= Beginning of Section =

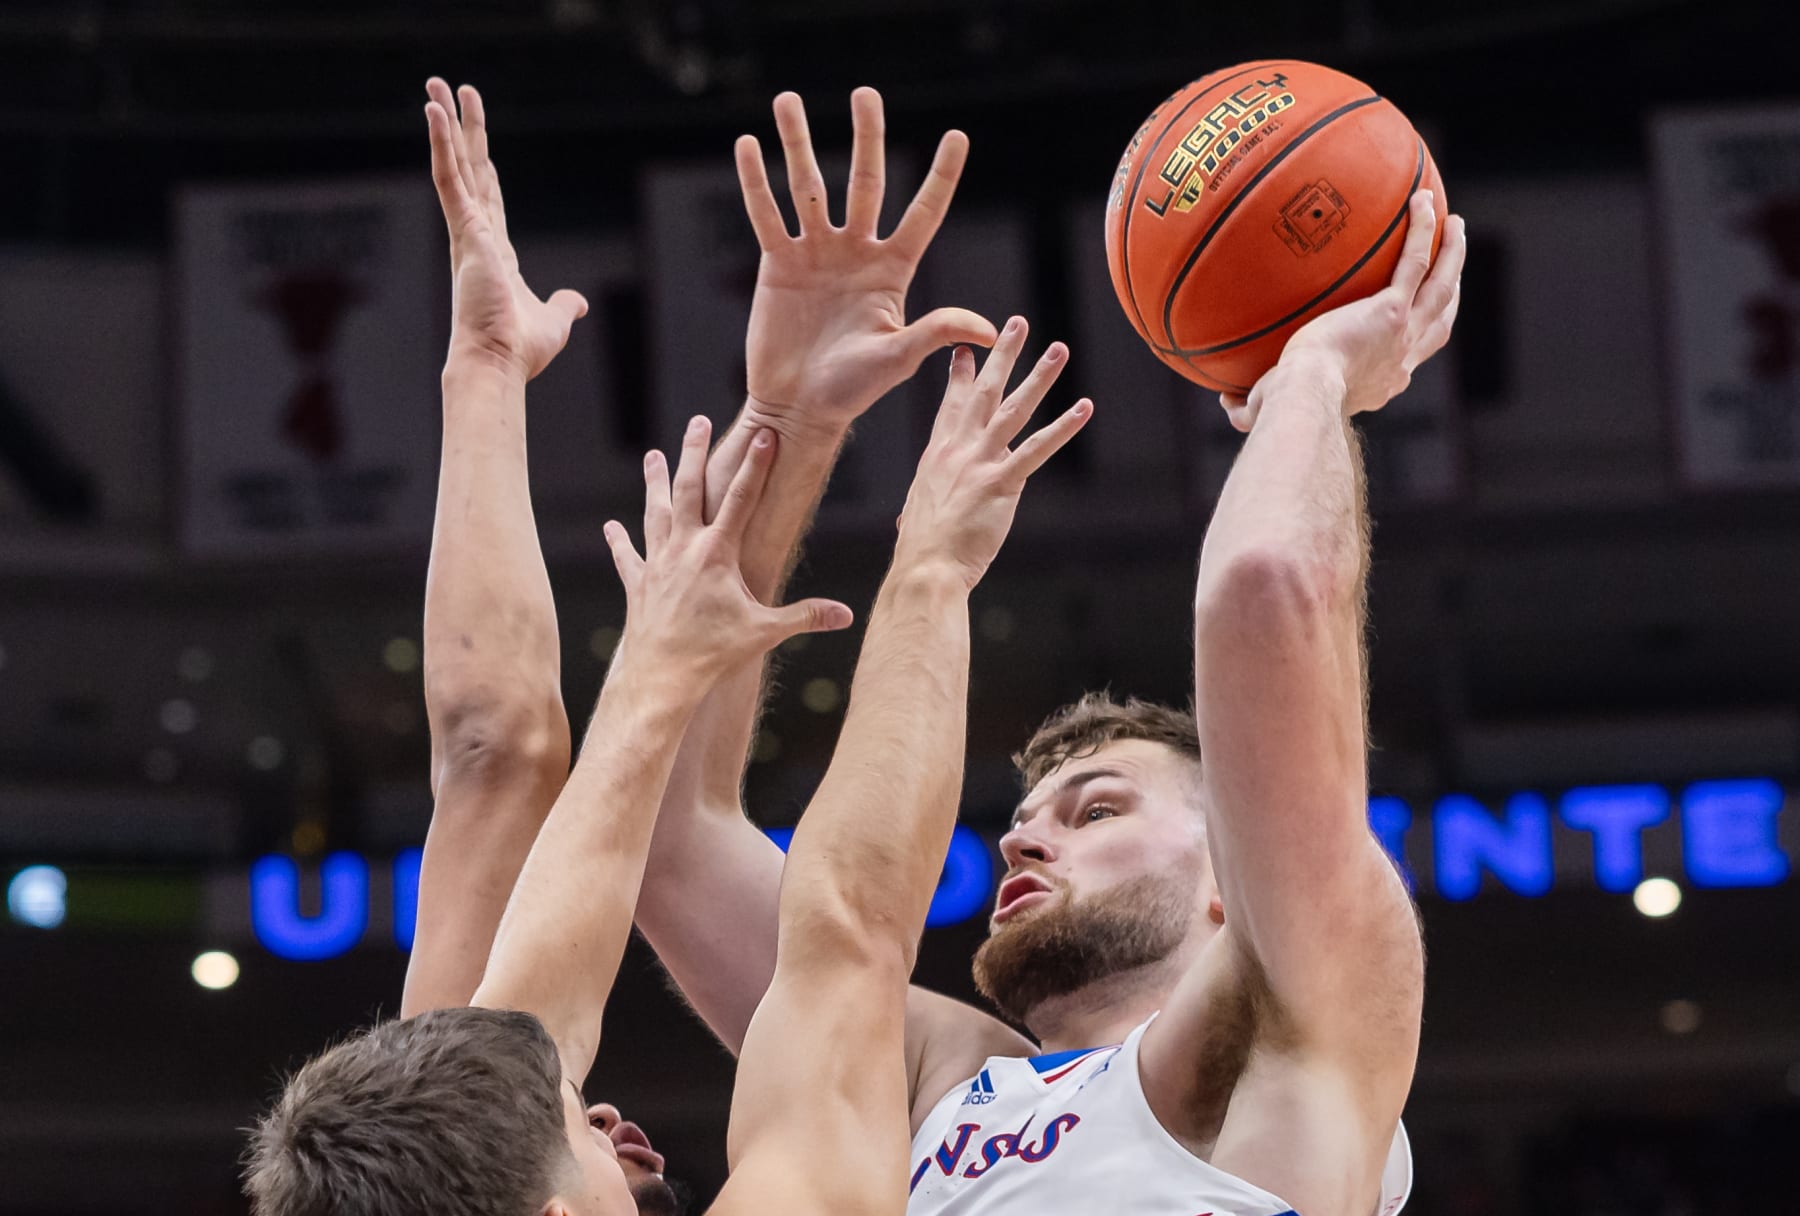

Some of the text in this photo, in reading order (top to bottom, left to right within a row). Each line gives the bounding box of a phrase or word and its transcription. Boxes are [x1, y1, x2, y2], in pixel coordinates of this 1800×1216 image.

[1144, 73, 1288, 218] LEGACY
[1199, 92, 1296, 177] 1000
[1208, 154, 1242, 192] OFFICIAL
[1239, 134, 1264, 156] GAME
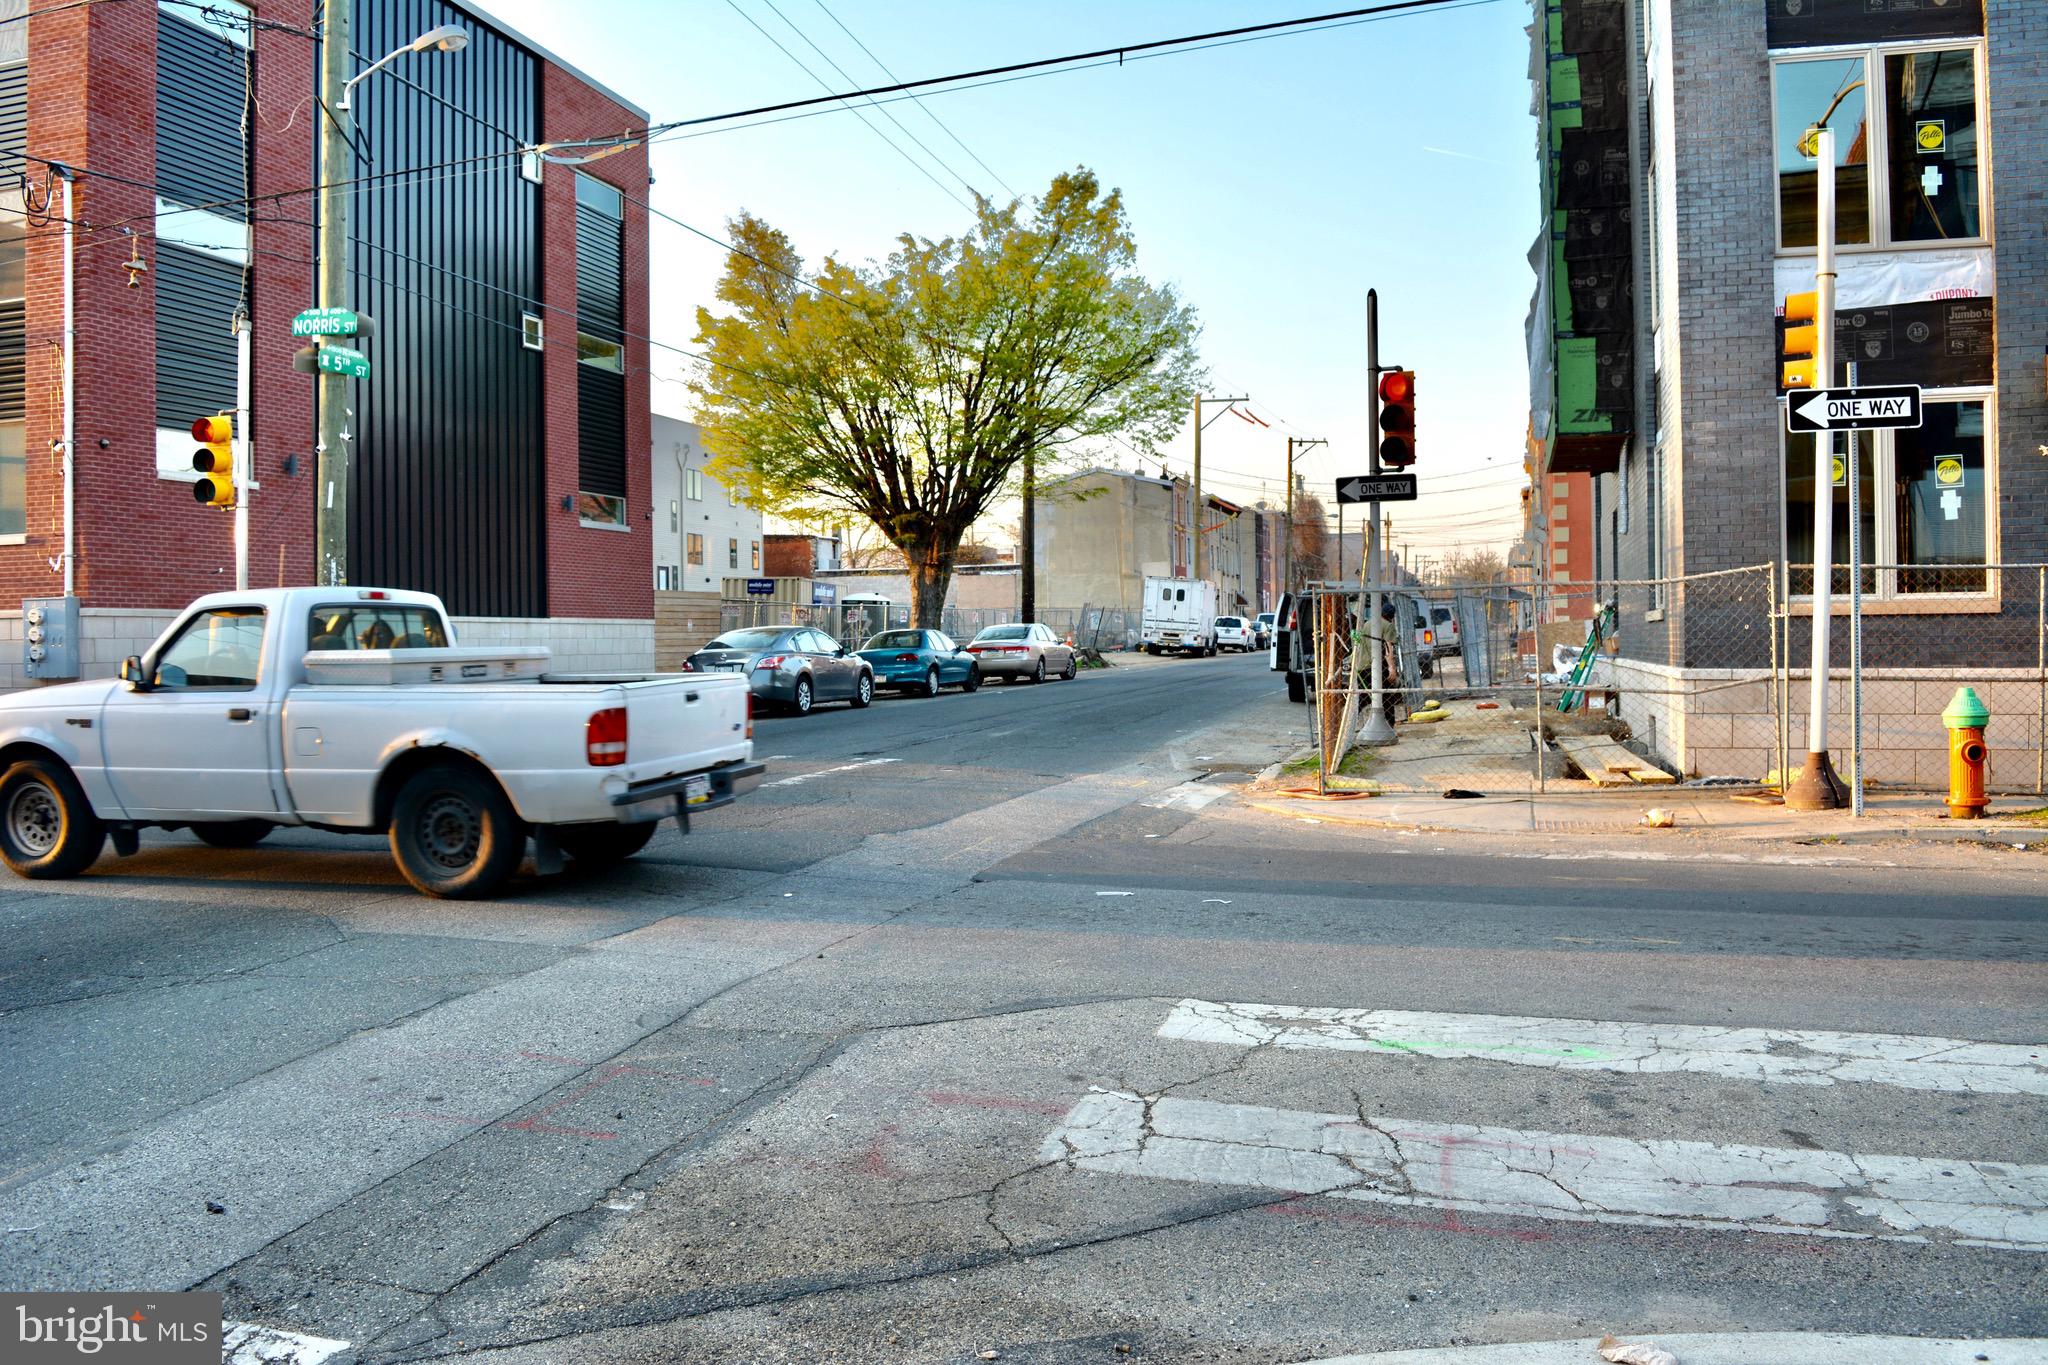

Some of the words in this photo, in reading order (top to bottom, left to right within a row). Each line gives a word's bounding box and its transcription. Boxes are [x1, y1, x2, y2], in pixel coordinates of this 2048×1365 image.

= End of Section =

◆ EXERCISE PROMPT
Your copy should match the entries above exactly and contain no pictures.

◆ TASK RESULT
Some of the text in this photo, in reading order (top to bottom, left to right within a row). Each line gives the bounding box of a phrase or word and its transcription. Boxes are [x1, y1, x2, y2], in pixel coordinates of this 1800×1216 image.

[1144, 73, 1288, 218] LEGACY
[1199, 92, 1296, 177] 1000
[1208, 154, 1242, 192] OFFICIAL
[1239, 134, 1264, 156] GAME

Some of the words in this photo, in reading order (top to bottom, left to right within a row). Each line gives a word's bounding box and its transcription. Boxes are [x1, y1, x2, y2], in pixel coordinates of this 2048×1365 image.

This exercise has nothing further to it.